FDR tour 1 – The ecology of leadership

Franklin Roosevelt was the most consequential president of the 20th Century and our United States would be very different w/o him. Studying FDR is one of my hobbies. He was a fantastically complex and interesting character. He broke all the rules of leadership and yet did it better than anyone else in this century. I have read dozens of books featuring or actual biographies. Of course, I have watched Roosevelt on “The American Experience” and the Ken Burns’ series. So I thought it was time to see his house at Hyde Park.

On the drive up from Virginia, we listened to the audiobook “FDR” by Jean Edward Smith. I listened to it before but it was good to hear it again and let CJ hear it for the first time. There was a lot to this man but here I want to address a particular part of his personal leadership style.

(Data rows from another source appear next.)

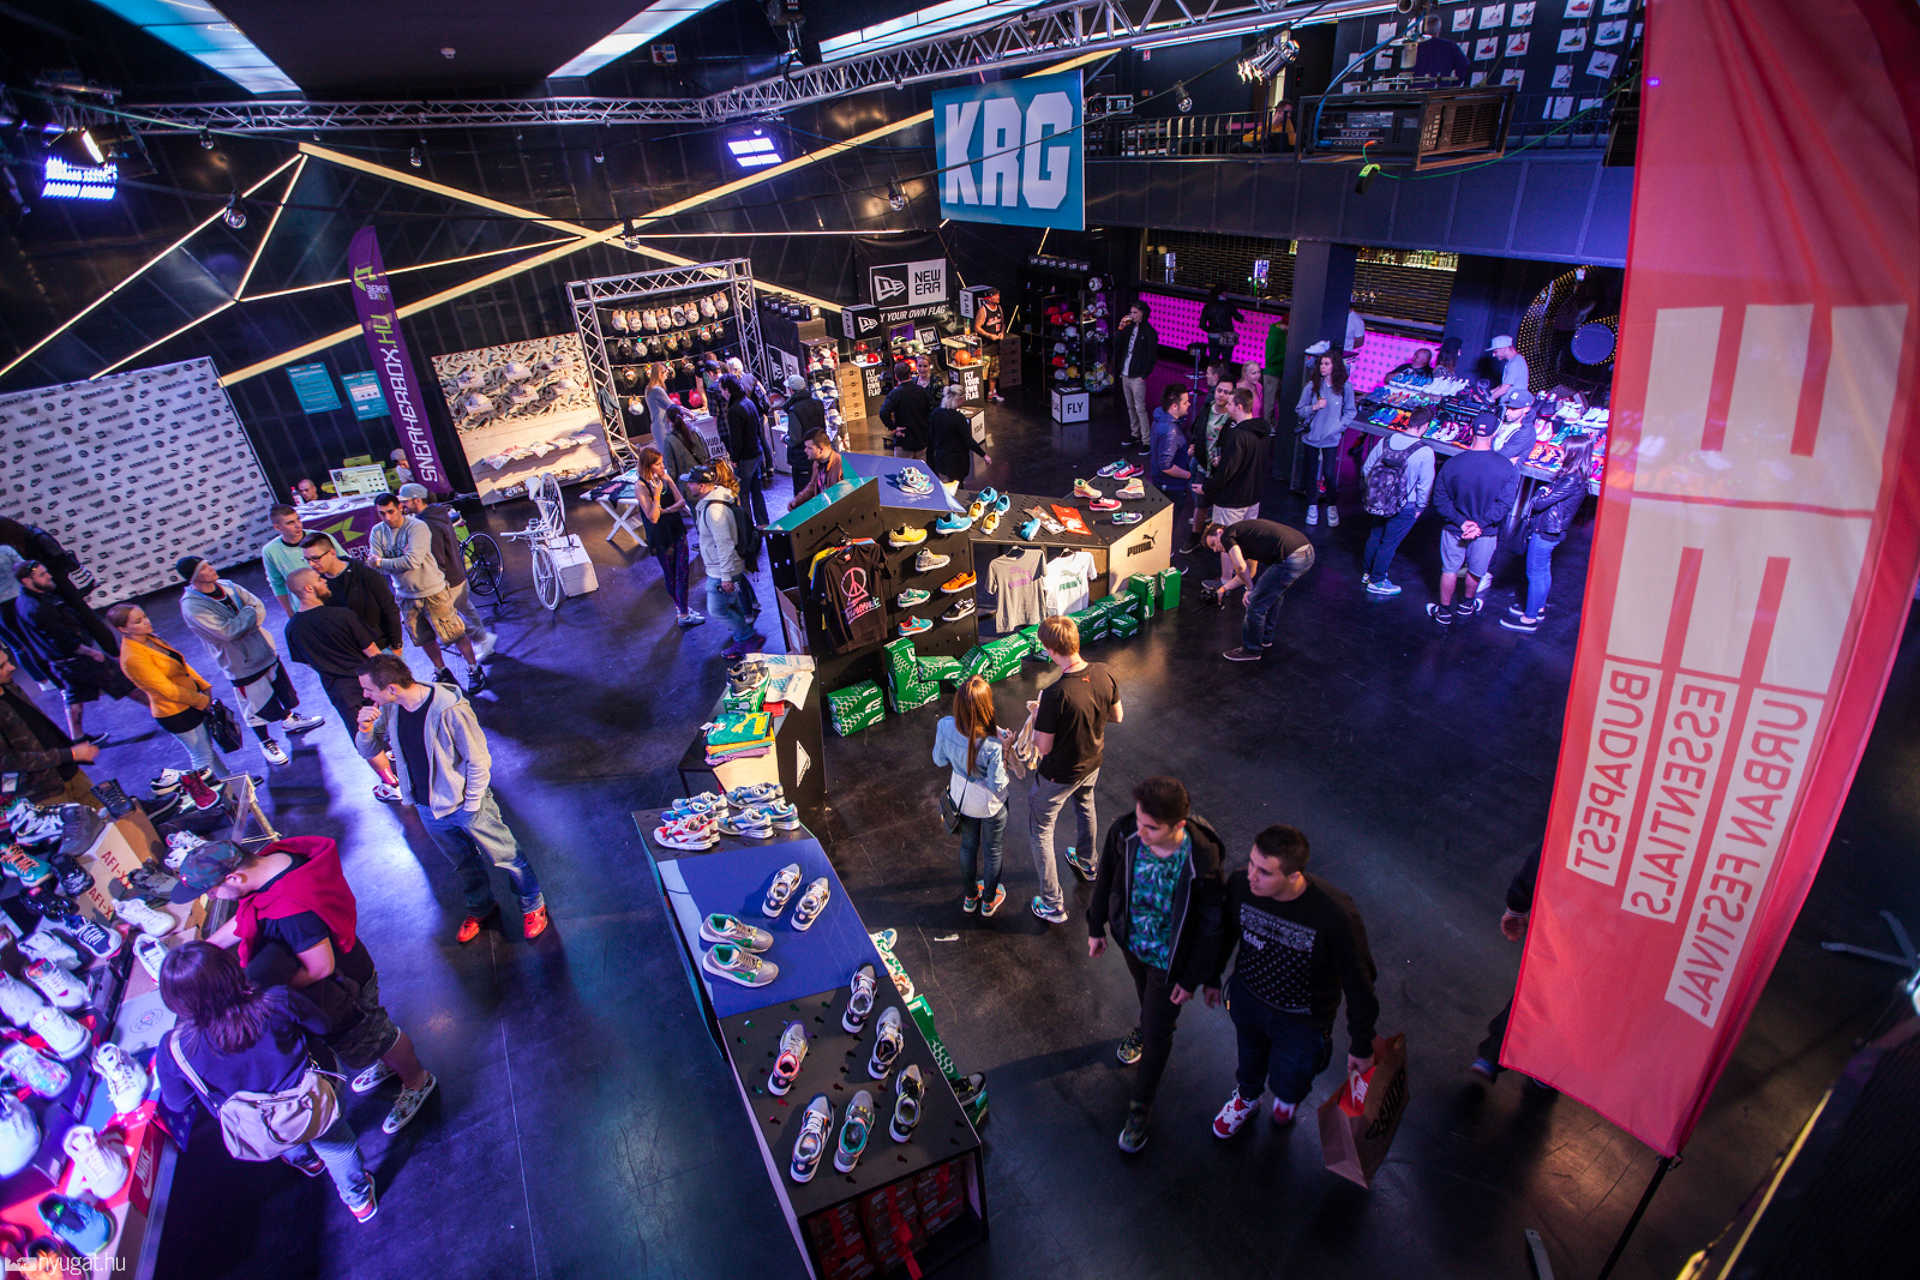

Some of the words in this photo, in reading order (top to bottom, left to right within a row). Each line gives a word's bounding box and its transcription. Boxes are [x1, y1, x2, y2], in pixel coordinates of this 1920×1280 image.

[946, 92, 1072, 209] KRG
[914, 268, 941, 283] NEW
[915, 281, 941, 296] ERA
[887, 309, 908, 322] YOUR
[909, 308, 927, 320] OWN
[928, 305, 946, 317] FLAG
[1067, 402, 1084, 415] FLY
[1127, 540, 1153, 558] PUMA
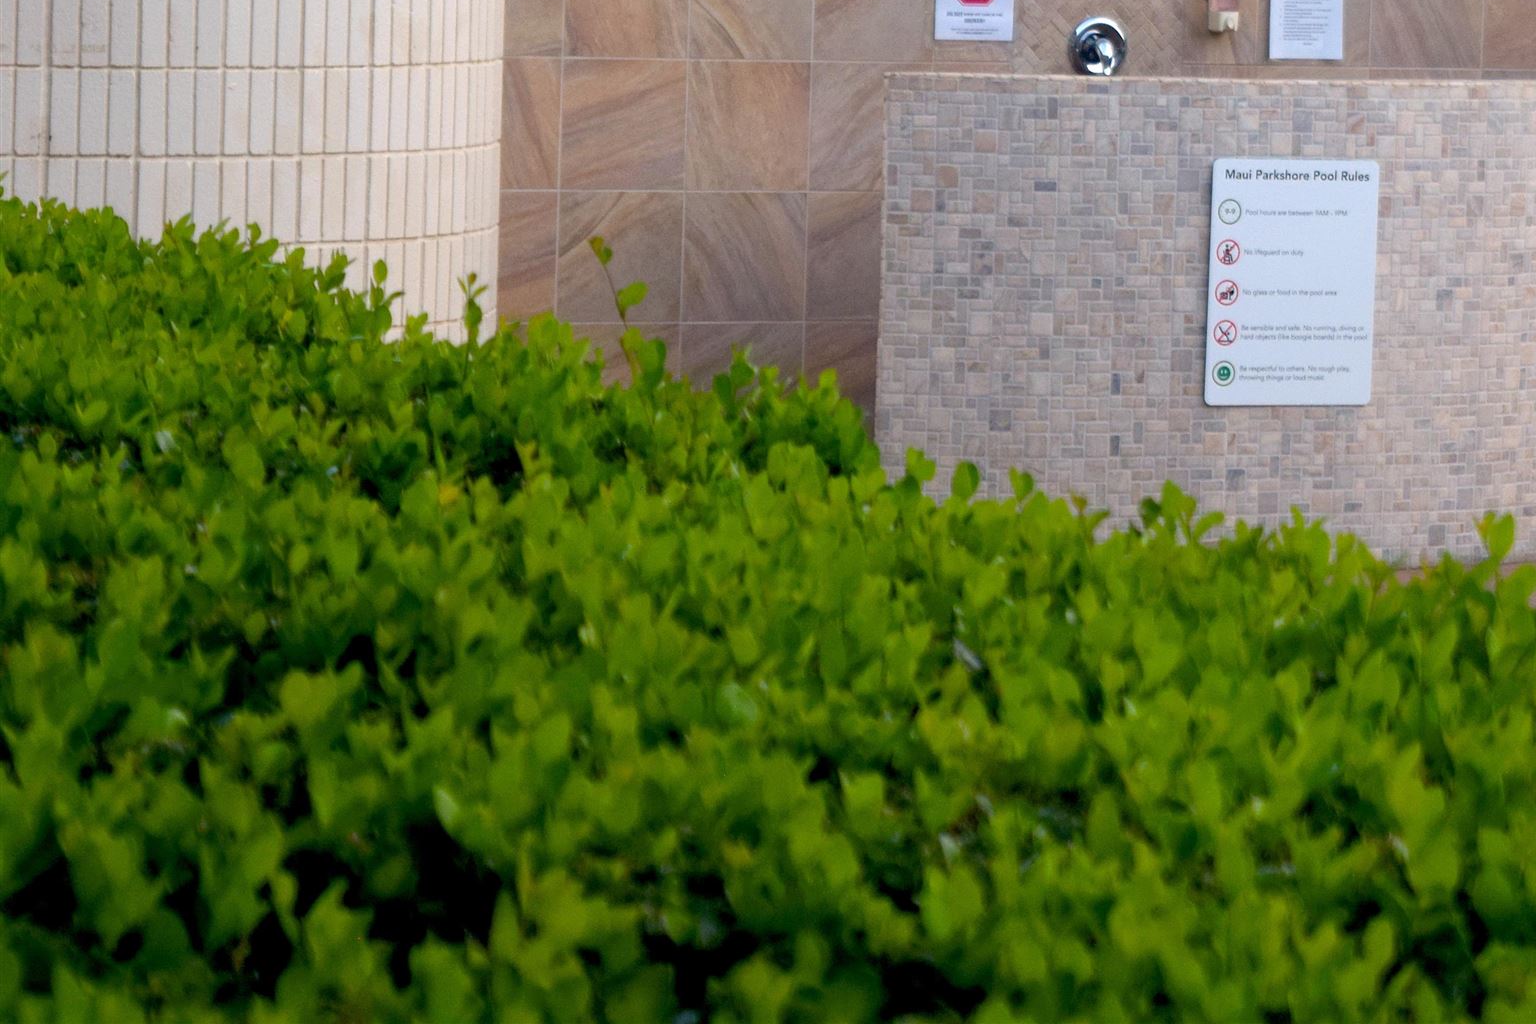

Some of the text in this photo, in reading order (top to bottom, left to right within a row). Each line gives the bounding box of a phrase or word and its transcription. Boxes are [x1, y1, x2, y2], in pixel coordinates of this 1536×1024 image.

[1225, 169, 1370, 181] Maui Parkshore Pool Rules
[1291, 249, 1304, 258] duty
[1253, 289, 1268, 297] glass
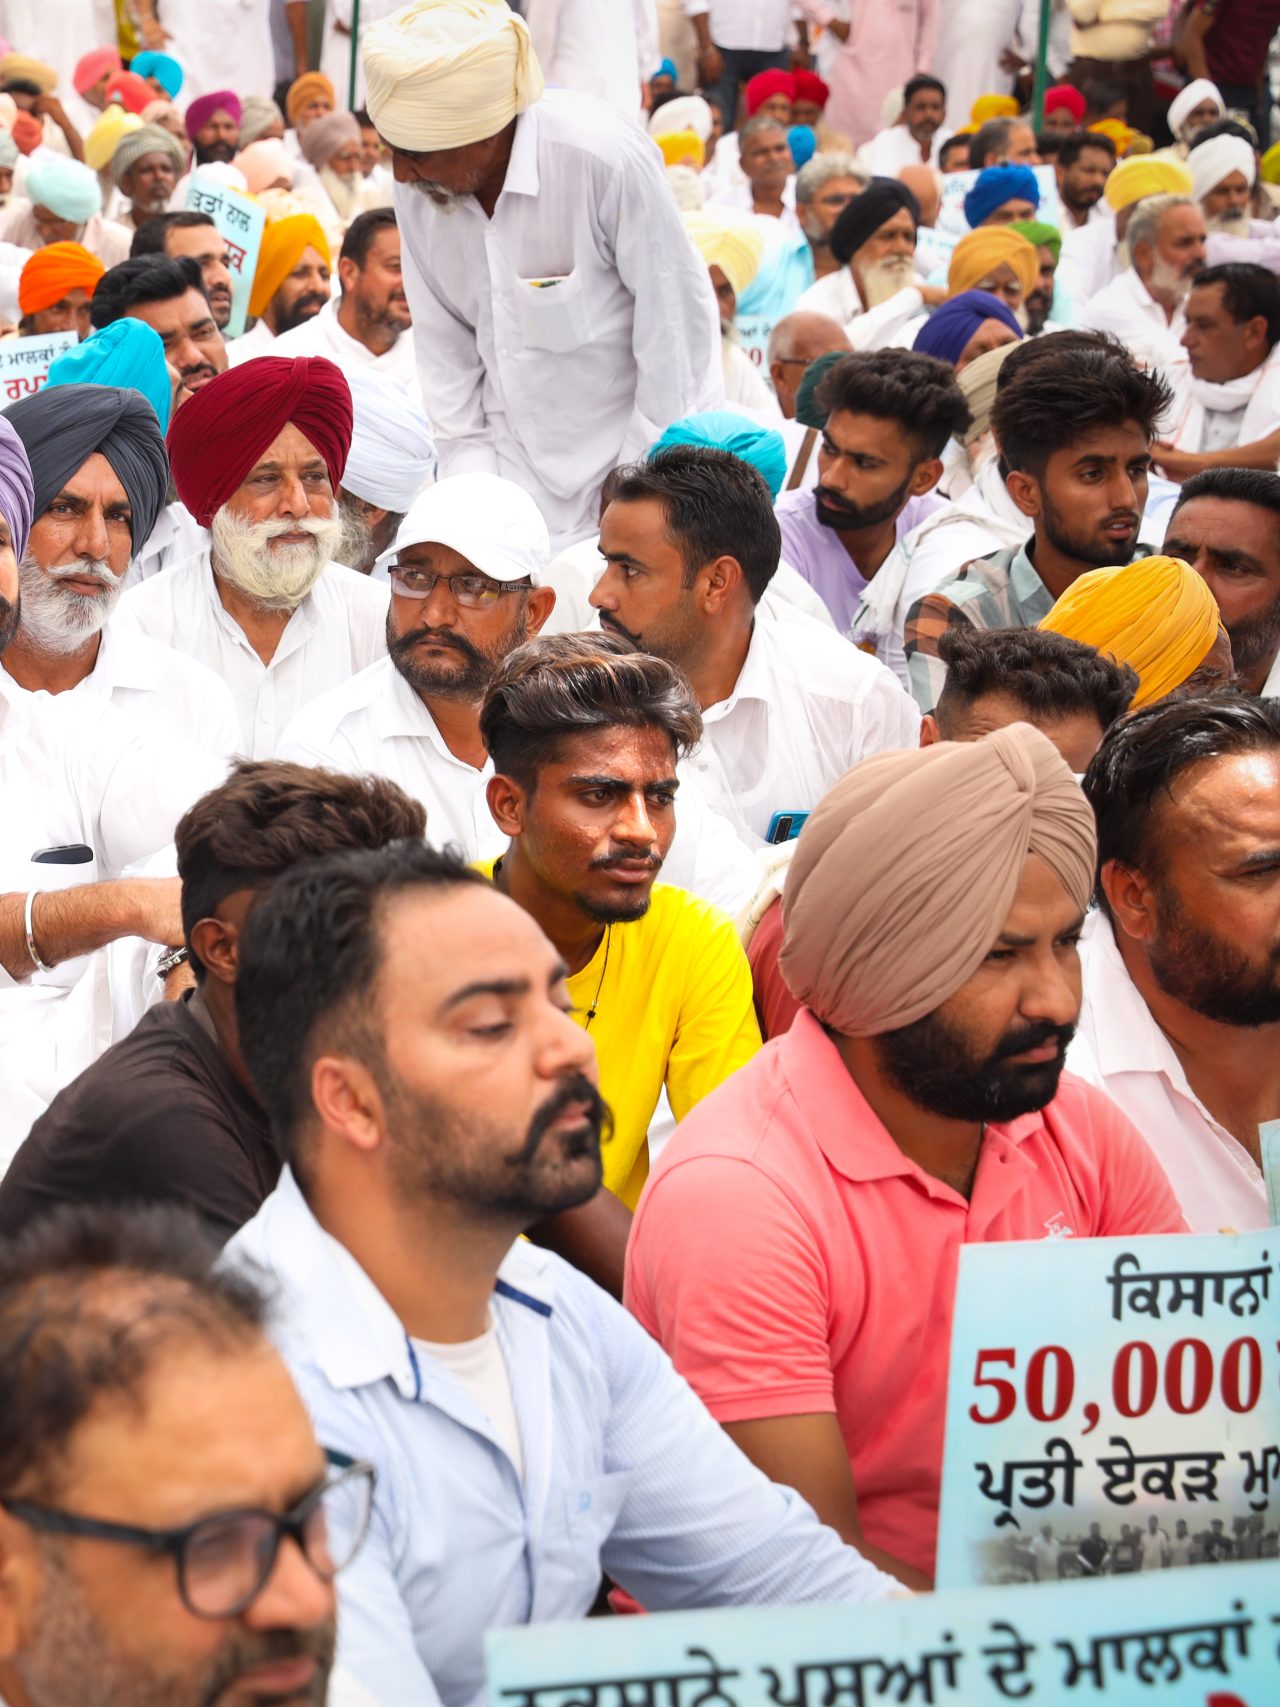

Roosevelt was a tree-loving conservationist. You can certainly perceive this when you look around his estate at Hyde Park. He planted thousands of trees and even described himself as a tree farmer. The Civilian Conservation Corps was his favorite creation. I think that his appreciation of trees, soil and water influenced, permeated, his leadership style. He took an ecological approach to policy. He tried things, adapted the good parts, abandoned the bad ones and tried something else, i.e. try, observe, learn, and try again. It was an evolutionary process of variation and selection. FDR admitted that he did not know what outcomes would be. He commonly violated the ostensible rules of leadership by assigning many people to overlapping or even the same tasks and then letting them adapt to each other and to developing needs. Moreover, he understood that he needed to let things develop and not over control. He chose good people and usually let them do their jobs, but he was not indolent. He was monitoring the system, in an ecological way, i.e. not concerned with the details of the things but the seams and relationships among them. As a tree-loving conservationist myself, I think I recognize this style and its origins. Maybe I am reading too much into this, projecting too much, but it makes sense to me. FDR’s style is the indirect, development-systemic oriented logic of the ecosystem.

One side note – FDR started working on conservation from his first term in the NY Senate. He got appointed to the fish and game committee and reworked the rules. But he lost a fight with the timber industry when he tried to regulation timber cutting on private land. It was good he lost. His intentions were good but his understanding was flawed. Roosevelt introduced a bill in 1912 (The Roosevelt-Jones bill) session that would make it illegal to cut trees smaller than a certain size. In this, he was extrapolating from what they do with fish. You let the little fish go so that they can grow into big fish. Trees do not work like this. Some trees are just small and will never get any bigger. They are small for genetic or competitive reasons, but either way it is wise to cut them. Beyond that, you may need to clear largish areas – big trees and small – in order to create proper ecological conditions for particular species.

My first picture shows Chrissy sitting with Franklin & Eleanor. The next picture is a wonderful oak tree in front of a hay field. FDR postulated that the hay field was cleared for a long time, even before settlement by the Dutch, because the oak trees, like this one, had developed that open branching structure characteristic of a tree growing in open conditions. The picture after that are a series of New Deal posters talking about conservation and the last picture shows a really big hemlock tree. You would almost never find a hemlock naturally growing in the open like that. This hemlock has been part of a garden for more than a couple centuries.